How Weekly Mental Health Check-ins Help Coworkers and Friends
In mid-March of 2020, I made a big announcement: Avid Bookshop, my bookstore in Georgia, would not be allowing any browsers inside. Instead, we’d do phone and online orders only. When I made this announcement, I wondered how we’d function for several weeks like this.
Then “several weeks” turned into a few months. And, at the time of this writing, it’s now been nearly 11 months since I had customers in my normally-bustling shop.
I’m very thankful to still be in business and to have been able to meet payroll every pay period during the pandemic. But being a boss is difficult in good times, let alone during a global pandemic happening in the midst of political upheaval.
Weekly check-ins
My staff and I started to have weekly virtual meetings, and my operations team and I decided to start every meeting with a check-in focused on mental and physical health. While I’ve always been frank about wanting to support people’s health, we’d never met as a team so often and with such a deliberate focus on mental health.

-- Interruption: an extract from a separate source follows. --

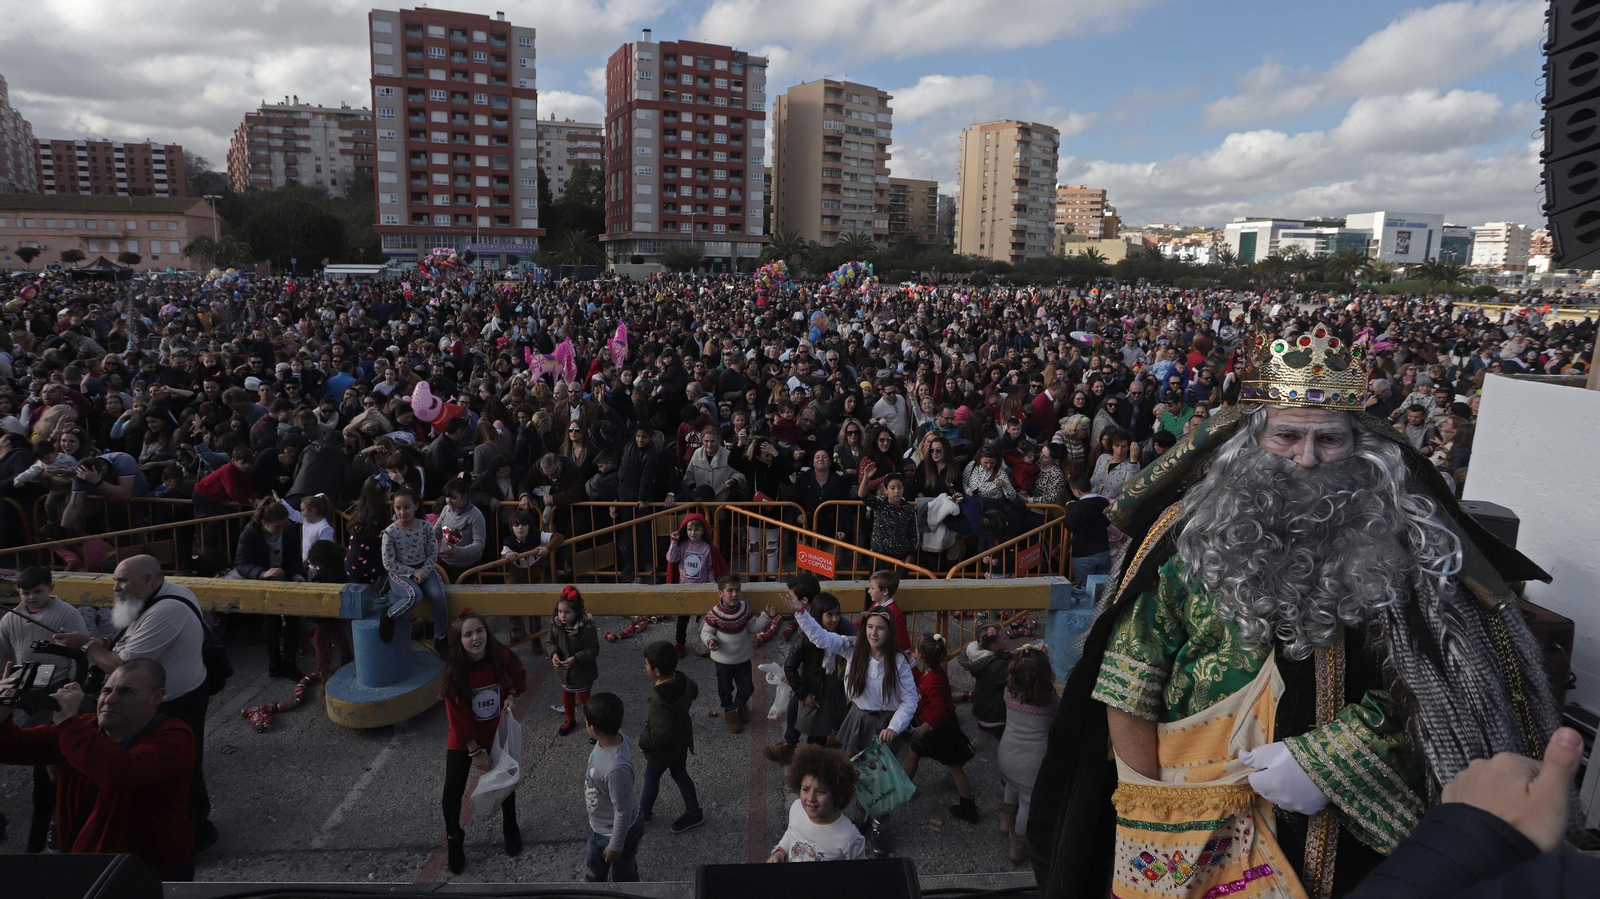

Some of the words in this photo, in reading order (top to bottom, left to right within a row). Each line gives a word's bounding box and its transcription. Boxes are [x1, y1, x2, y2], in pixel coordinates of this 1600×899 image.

Much to my delight, I actively look forward to our meetings. On days I have a severe migraine attack that prevents me from attending, I’m genuinely disappointed to miss a meeting. On days when I’m recovering from a migraine and can’t find the words I want to use and feel kind of dumb thanks to the brain fatigue, my coworkers are encouraging and kind. No matter where I am physically- or mentally-speaking, these virtual staff meetings are a bright spot in a pretty isolating, scary time.
A focus on health
As I mentioned, each staff meeting starts with a health check-in. Some weeks, the check-ins take up most of the meeting. Sometimes all the booksellers need a lot of time to talk about what’s bothering them; other times the check-ins are brief and we get to the logistical part of our meeting faster. (During the logistical/procedural part of our meeting, we talk about how sales are faring, what procedures we can improve, how our customers are doing, how we can work together more efficiently, etc.)
Closeness and support
In an isolating, difficult year, our check-ins at the start of each meeting have become one of the most significant parts of our work. The booksellers have both an explicit and implicit understanding of which coworkers need a little more support that week, and we’ve become closer to each other than before. This closeness makes it easier for someone to ask for help with an overwhelming task, and it makes it less daunting for even shy folks to speak up to ask for or offer assistance. We know each other’s strengths in a deeper way, which allows us to function as a team better.
We don’t know when the pandemic will end; we don’t know when customers will be able to walk into the bookshop again. We don’t know how we’ll be faring financially one month or six months or twelve months from now, but we do know this: we’re going to keep up with the regular all-staff meetings, and we’re going to keep checking in with each other.
What new routines or connections have you made that help you feel supported even on days your migraine disease is making things hard?